Exercise objective:
Copy out every entry that follows, without a single picture.

Extracted data:
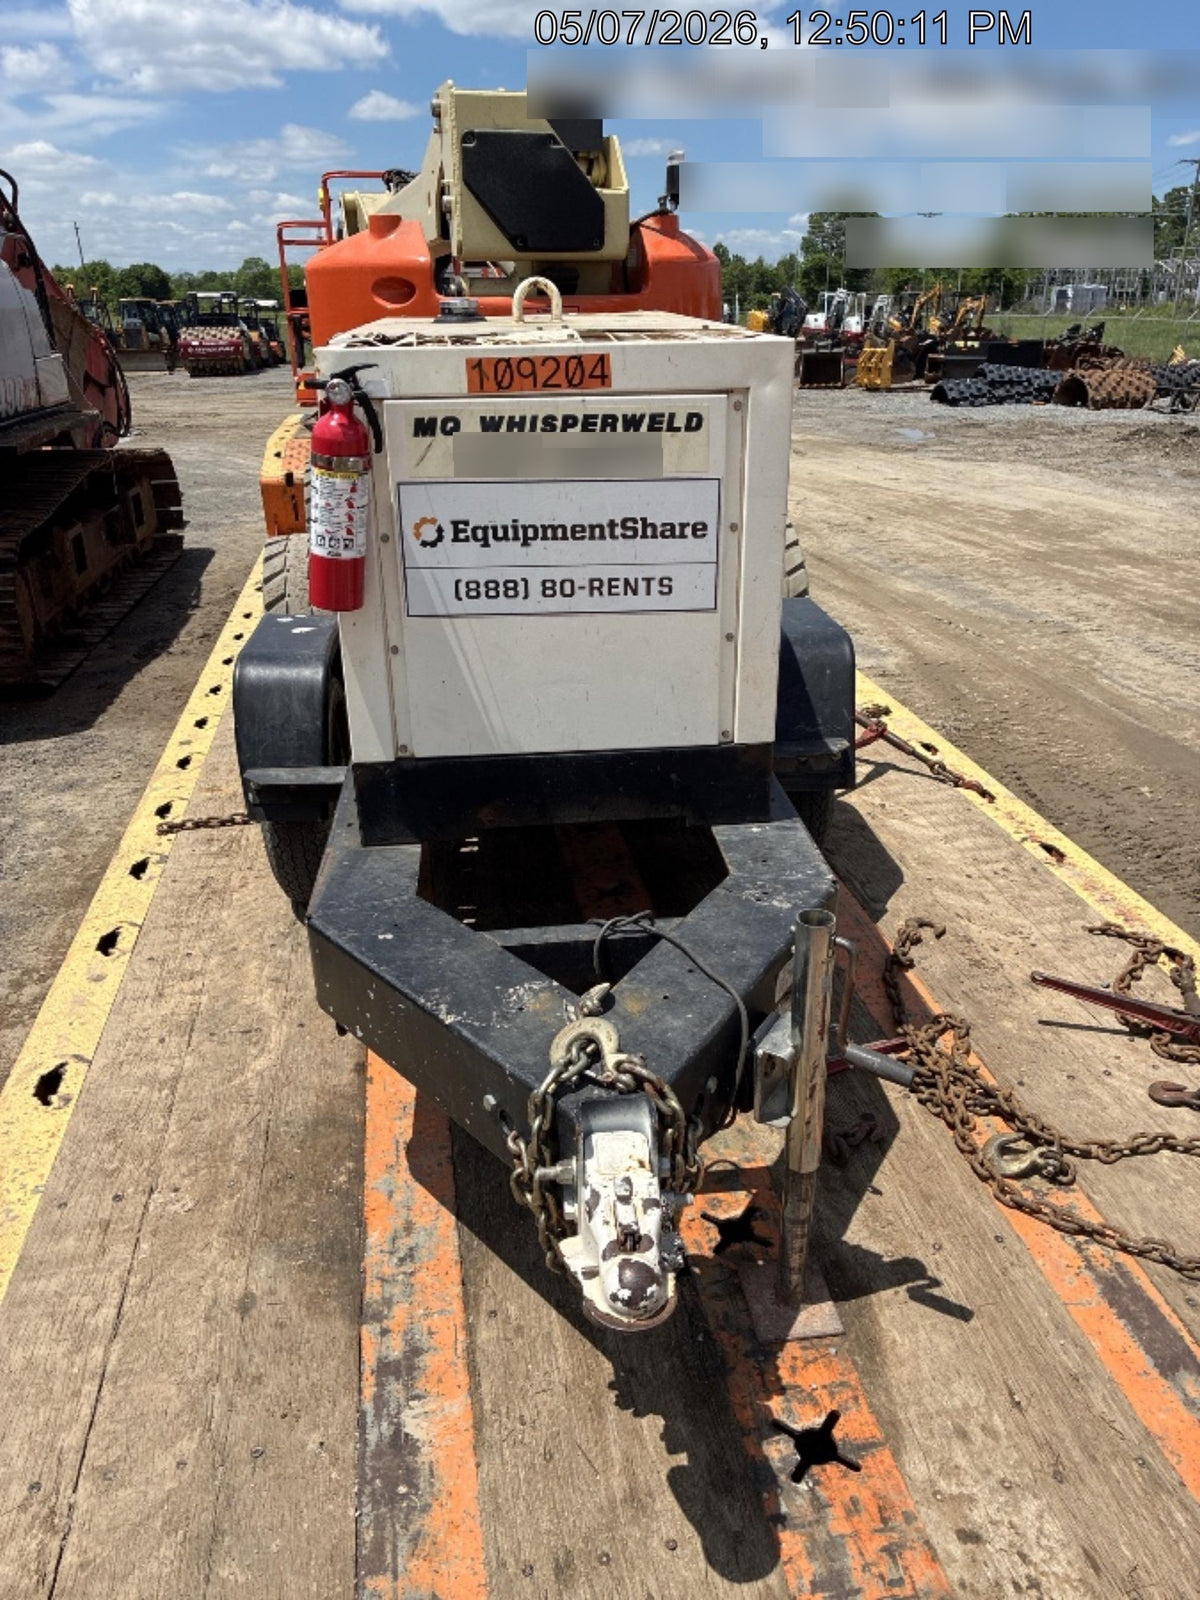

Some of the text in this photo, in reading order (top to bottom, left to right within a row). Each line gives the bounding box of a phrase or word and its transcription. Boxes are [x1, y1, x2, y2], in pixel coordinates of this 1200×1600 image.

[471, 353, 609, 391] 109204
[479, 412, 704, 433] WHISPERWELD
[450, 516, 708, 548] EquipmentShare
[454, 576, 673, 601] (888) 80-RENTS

Solution:
Some of the text in this photo, in reading order (top to bottom, left to right within a row). Each line gives the bounding box of a phrase or word and its transcription. Boxes are [x1, y1, x2, y2], in pixel coordinates of this 1200×1600 image.

[471, 353, 609, 391] 109204
[479, 412, 704, 433] WHISPERWELD
[450, 516, 708, 548] EquipmentShare
[454, 576, 673, 601] (888) 80-RENTS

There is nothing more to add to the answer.